Erken dönem Nuri Bilge Ceylan filmi gibiydi. Jacopo Peri esas oğlanı canlandırırken, müzikte yer yer kendisine el veren meslektaşı Giulio Caccini’nin ailesi değişik rolleri oynuyordu. Hattâ o gün 13 yaşında olan kızı Francesca kim bilir belki de bu yüzden kendi yapıtlarının peşinden koşacaktı. Evet, tarihin ilk kadın bestecilerinden biri olan Francesca Caccini de o gün sahne almıştı. Yıllar sonra kendi düğününe teşrif edemeyen Henry’nin, genç kadını o günlerin en iyi şarkıcısı ilan etmesiyse şeytanın takılacağı türden bir detaydı.

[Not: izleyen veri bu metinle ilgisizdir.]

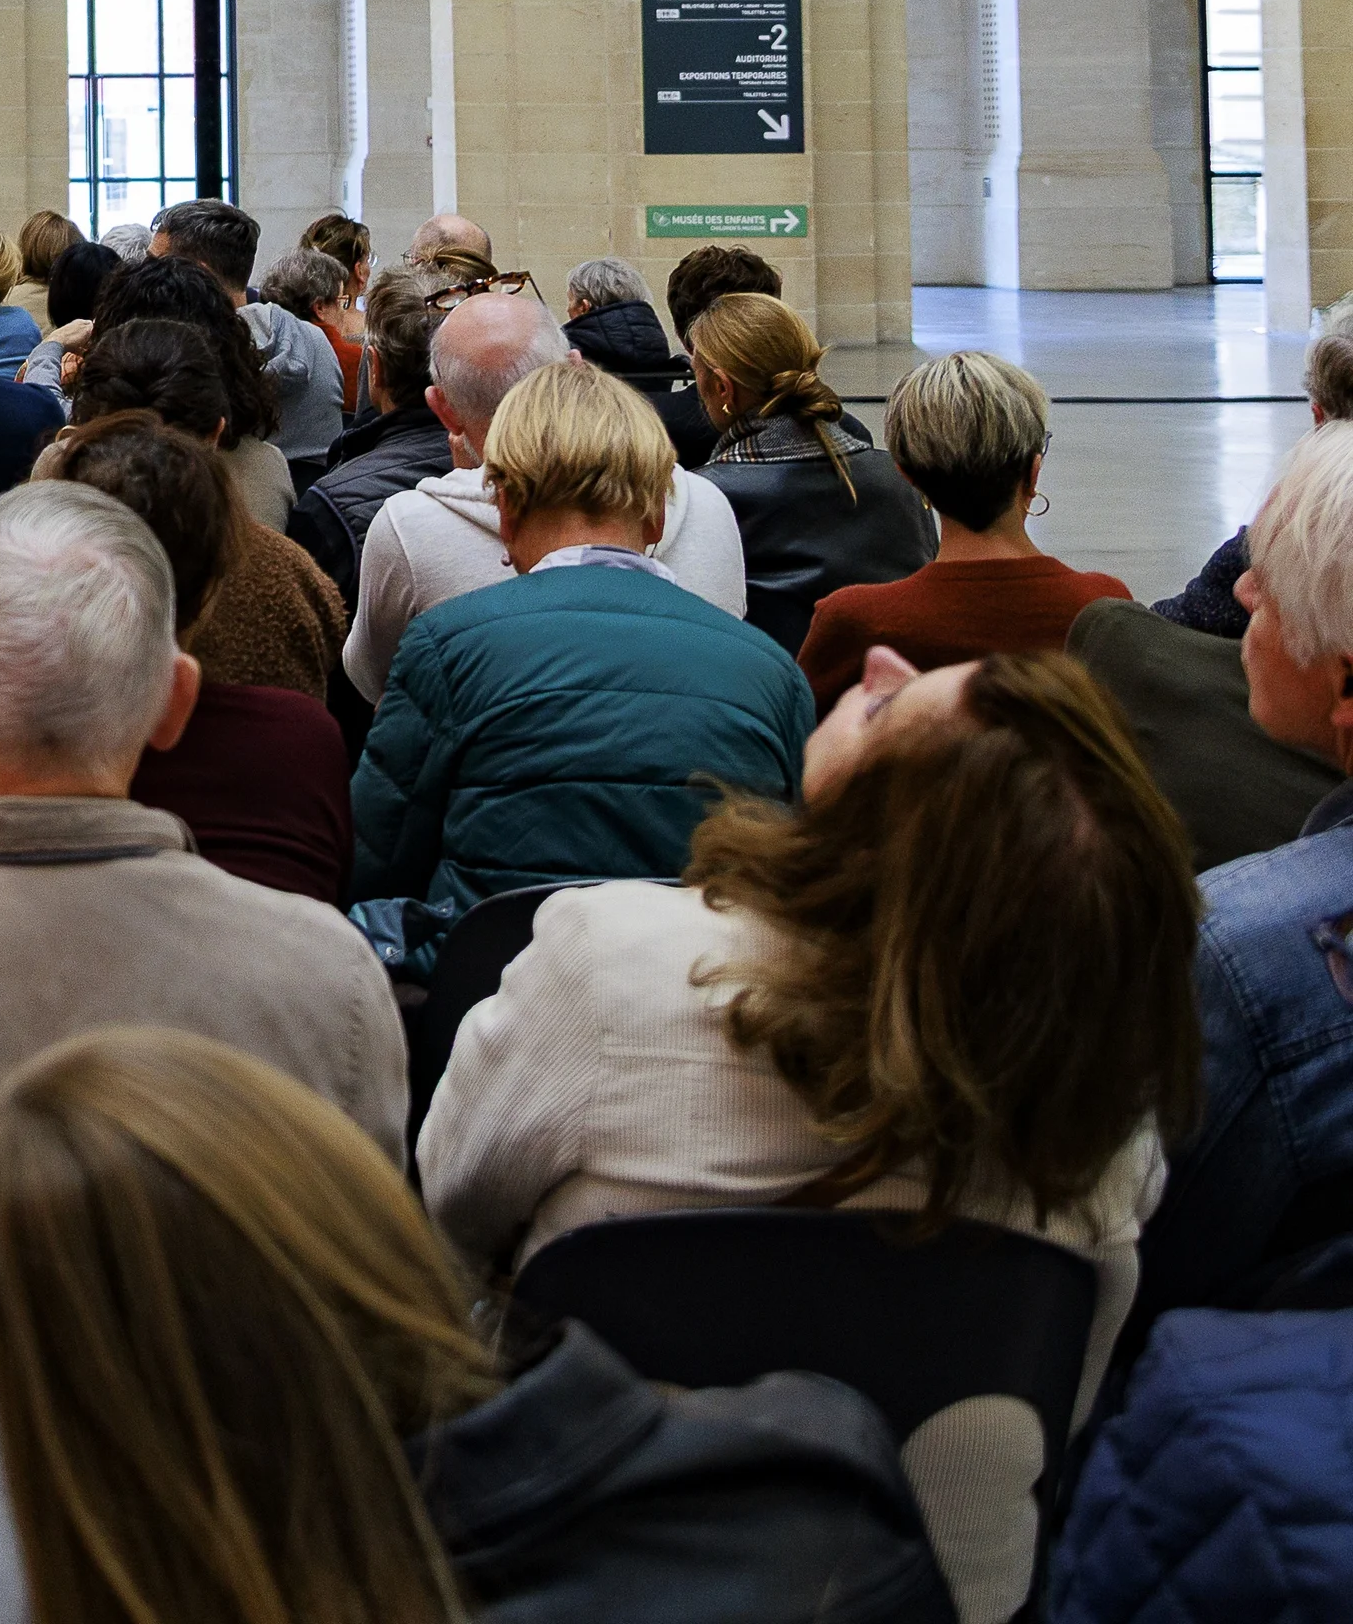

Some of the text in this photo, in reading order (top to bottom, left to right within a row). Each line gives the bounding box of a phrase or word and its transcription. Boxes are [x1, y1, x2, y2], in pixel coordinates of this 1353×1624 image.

[758, 24, 788, 50] -2
[735, 55, 787, 63] AUDITORIUM
[680, 71, 787, 80] EXPOSITIONS TEMPORAIRES
[672, 213, 766, 224] MUSÉE DES ENFANTS

Her iki besteci de eserin kendi versiyonlarını bastırmıştı. Her ne kadar sahnede yan yana olsalar da aralarında tatlı bir rekabet vardı. Sanki yarışı kazananın uygarlık mirasına geçeceğini biliyorlardı…

Yarışın galibi, daha önce 1597’de de Rinuccini’nin sözlerini notalara döken Peri idi. Fakat ikisinin imza attığı, tarihin ilk operası olan Dafne zaman içinde kaybolurken, bugüne türünün ikinci örneği olan Euridice kalmıştı.